As the disease progressed, Rosenstein said the sparkle in her husband’s eyes turned into a blank stare.
Then, in 2014, something happened. Her husband Irwin, who had been a gifted pianist since childhood, sat down at the piano and began to play. As he played American classics like Fly Me to the Moon, she saw his posture straighten: the sparkle returned to his eyes. The husband she once knew came back, bit by bit, if only briefly.
“I could see this human being resurrected and start to reconnect with his environment,” she said, “just like I had given him a dose of medication.
“Science clearly shows that music is medicine for the mind,” Rosenstein said. “During the act of music making, many cells in our brains are stimulated to release neurotransmitters (feel good chemicals) into the bloodstream. This is the principle upon which MMM, gathers seniors to enjoy singing and making music together, which brings the gift of joy and increased brain function.”
Prior to Nancy Hornish’s Alzheimer’s diagnosis, she and Rudy had led an active life, living in New York City, California and a four-years in San Miguel Allende.
“When we came back from Mexico to be closer to our grandkids, we first moved to Woodland Hills.” Hornish said. But the couple realized they preferred the cooler temperatures of the Westside. When a realtor showed them a Pacific Palisades home with an ocean view, they moved here.
A little over three years ago, Nancy had a stroke and eventually passed away. Grief stricken at the loss of his beloved wife, Hornish found himself alone and depressed.
Carol Rosenstein reached out to him and invited him back to Music Mends Minds for a drum circle. With nothing to lose and a true love for music, he accepted.
Rudy, who began playing piano at age 7, said music has been a constant in his life. He started a dance band/combo in high school and played in college at Notre Dame, where he graduated in 1959.
He continued to attend the MMM drum circles, until one day Rosenstein, asked Hornish if he would like to join their band, The Fifth Dementia, as their piano player.
The first rehearsal Hornish recalled being “blown away.” He said, “to see people who are afflicted with dementia and actually perform is a miracle.” Many members of the band have dementia and other memory loss afflictions. (visit: click here)
“Music Transcends memory,” Hornish said. “Music has its own language.”
According to a Foo and Johnson 2017 study (“Music: The Last Thing We Forget”), Musical memories survive even with the onset of dementia because the music memory storage area in the brain is independent from the long-term memory function, and it is also the most resistant to damage from brain shrinkage and lack of glucose.
Rosenstein said, “Seniors with neurodegenerative diseases, are even able to pick up a music instrument they played early in life, dust it off, and get back into the rhythm of life, just like one never forgets how to ride a bike.”
In addition to playing the piano and volunteering for MMM, Rudy Hornish, 85, regularly attends Pilates classes.
He and Nancy had three children: a son who is a Cargo Pilot in Bellingham, Washington, a daughter who is a commercial producer in San Anselmo and a son who is a film editor in South Pasadena.
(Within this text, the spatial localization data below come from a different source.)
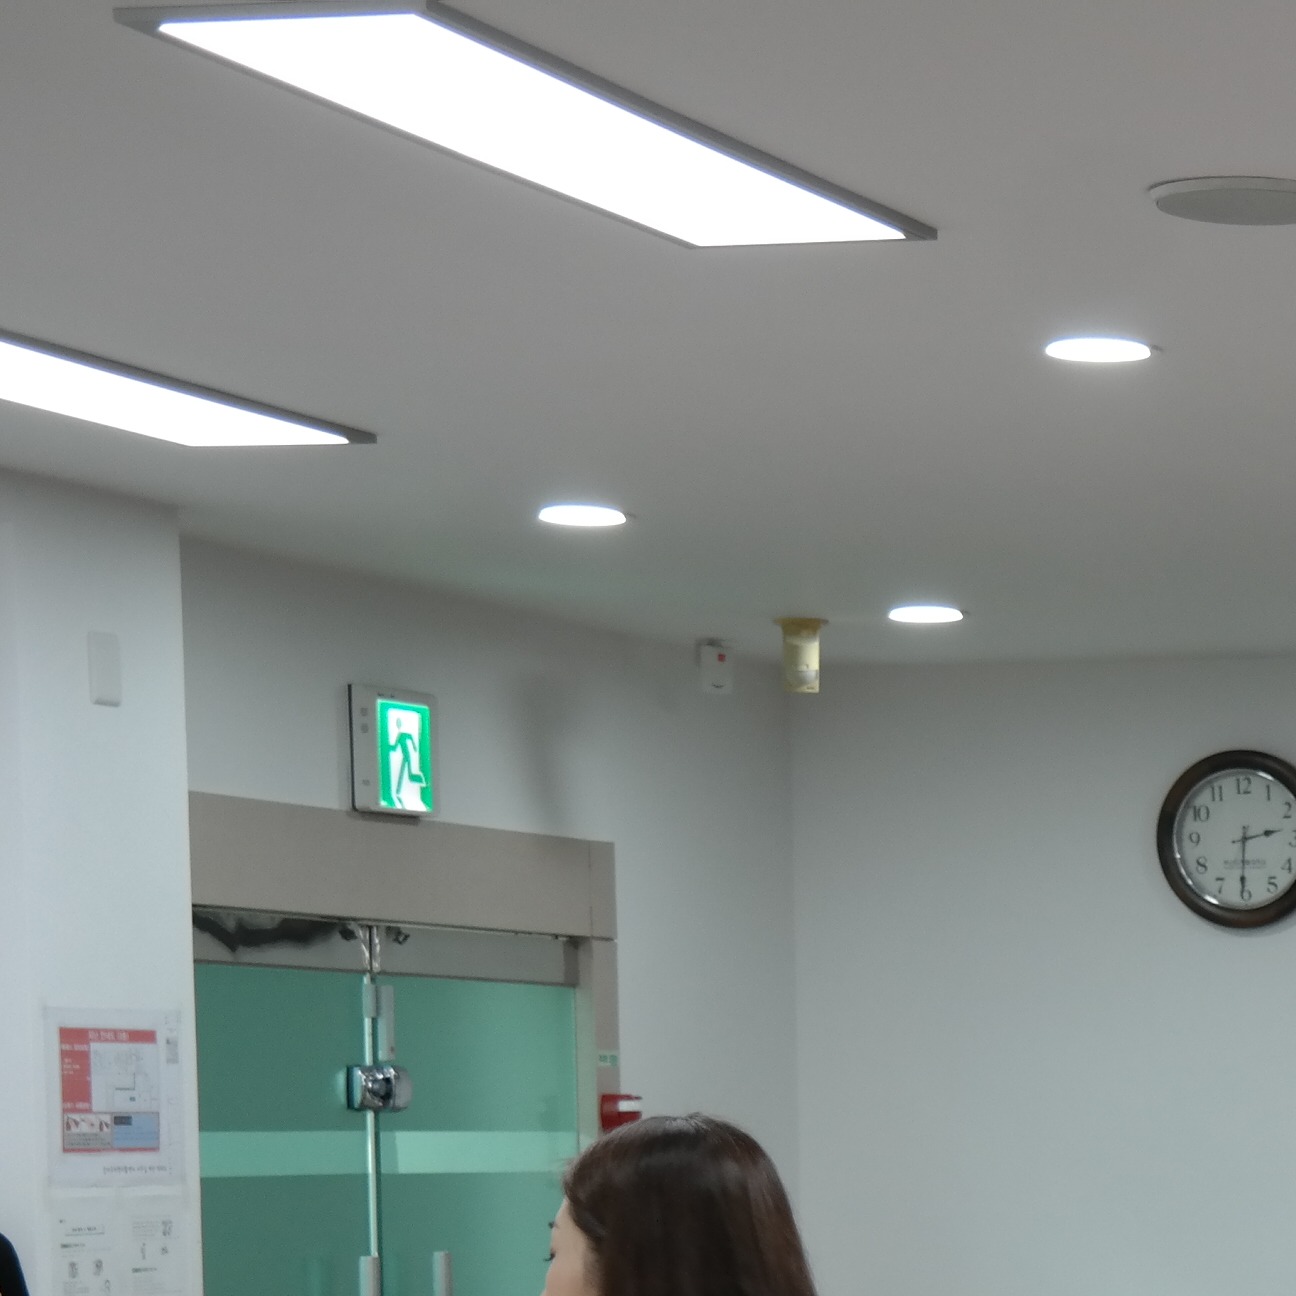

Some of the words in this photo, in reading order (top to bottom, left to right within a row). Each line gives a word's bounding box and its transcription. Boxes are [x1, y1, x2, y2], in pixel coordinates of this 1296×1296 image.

[1210, 785, 1223, 801] 11
[1234, 776, 1252, 794] 12
[1265, 784, 1272, 801] 1
[1192, 804, 1209, 822] 10
[1282, 802, 1292, 819] 2
[1189, 831, 1200, 846] 9
[1196, 856, 1207, 874] 8
[1281, 857, 1292, 874] 4
[1215, 877, 1224, 894] 7
[1266, 876, 1278, 893] 5
“Playing for Music Mends Minds and The Fifth Dementia, I feel like I am giving something back,” Hornish said. Now when he’s asked about volunteering, he will tell you, not only will he volunteer his time, but would be “happy” to do so!
FABULOUS!!
Lovely story and a wonderful truth. I belong to a small chorus – all of us over 70. We rehearse every week and give full hour concerts to Senior centers, Memory care units, nursing and retirement homes. We get to share the joy of singing and sharing all kinds of music with others. We see the smiles, we see people suddenly start keeping time with one hand, getting up to dance, singing along. Each of us knows how music eases our own aches and pains and wakes up our brains – a win-win for all of us.